First and foremost is there a premade tool capiable of doing this? I have searched but not been able to find anything.
If not is if a viable option to generate a profile HMM database for nitrogen fixing genes scrapped from UniProtKB and then use HMMER to annotate them within our metagenomes?
We would like to combine this with using the same protein sequences from Uniprot and create a DIAMOND database so use this tool for the same purpose of annotation nitrogen fixing genes. We would then cross reference the two tools and take hits that appear in both.
If this methodology valid and is uniprot a good place to go in order to scrape the protein sequences for a database?
Hi Michael,
Thank you for the detailed reply.
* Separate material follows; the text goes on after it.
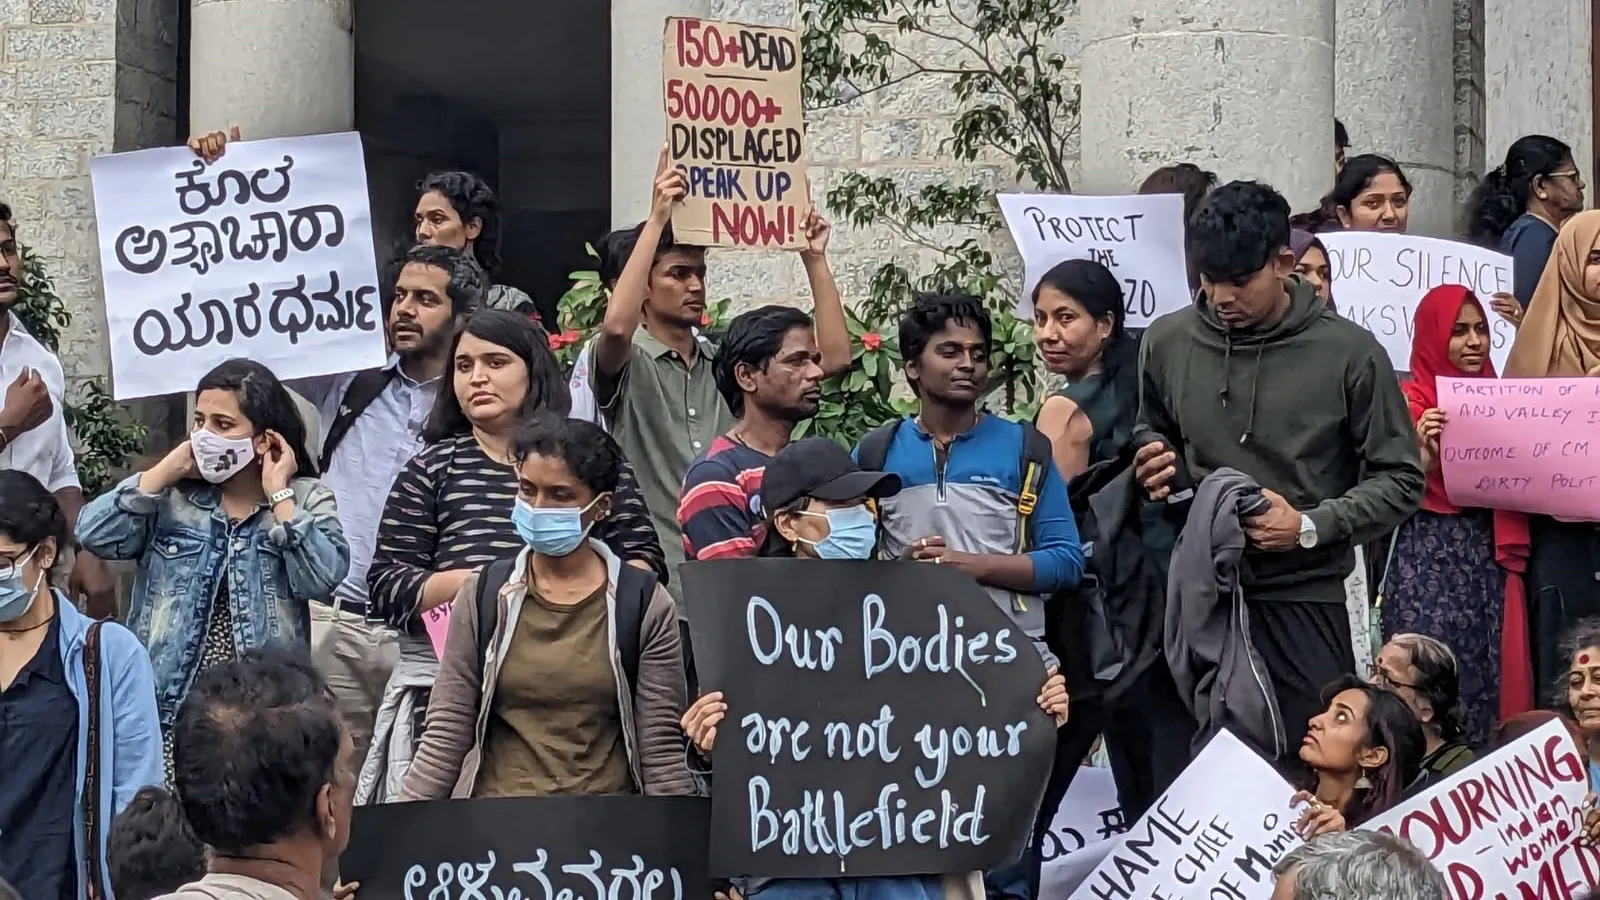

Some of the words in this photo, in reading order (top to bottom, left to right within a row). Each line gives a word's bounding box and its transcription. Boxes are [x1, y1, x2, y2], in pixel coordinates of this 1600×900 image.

Is
AmigiGO
a typo perhaps, as searching for it does not yield a GO annotation style tool?Of the approaches you mentioned which do you feel would be best to capture the entire nitrogen fixing genes landscape of a metagenome?
Lastly on the EBI page you linked there are 594 results returned. Am I correct as to interpret this as 594 different nitrogenous enzyme models where as the ~443k results in UniProtKB are an entry from a specific bacteria?
Dear Robert, I meant AmiGO, I have corrected the typo.
To get a complete picture of the nitrogen fixing genes, I would rank the methods as follows (top = most comprehensive)
You might even combine 1. & 3. Unfortunately, running a full InterProScan will require a cluster or multiple CPUs and most likely takes longest. Which method to choose depends on what else you want to do with the annotation.
If you intend to do the identification of only your gene family of interest it might be best to take a DIY approach to build a custom InterProScan pipeline: identify the databases in the InterProScan installation and replace all tool-specific databases with custom databases that only contain the models of interest. That would speed up the search, but I haven't tried it, and it would require some more in-depth knowledge about the different database formats.
Finally, I retrieved 194 results for my search "nitrogenase". Those are models of different proteins or domains and extracted from different databases. UniProtKB entries contain a single AA sequence or isoforms, normally from a single species.
Thank you i will attempt your suggestions. Thankfully I have access to a HPC so can run the full InterProScan without issue. Why is InterProScan is so sensitive, do tools such a Hotpep have popularity for identifying carbohydrate active enzymes?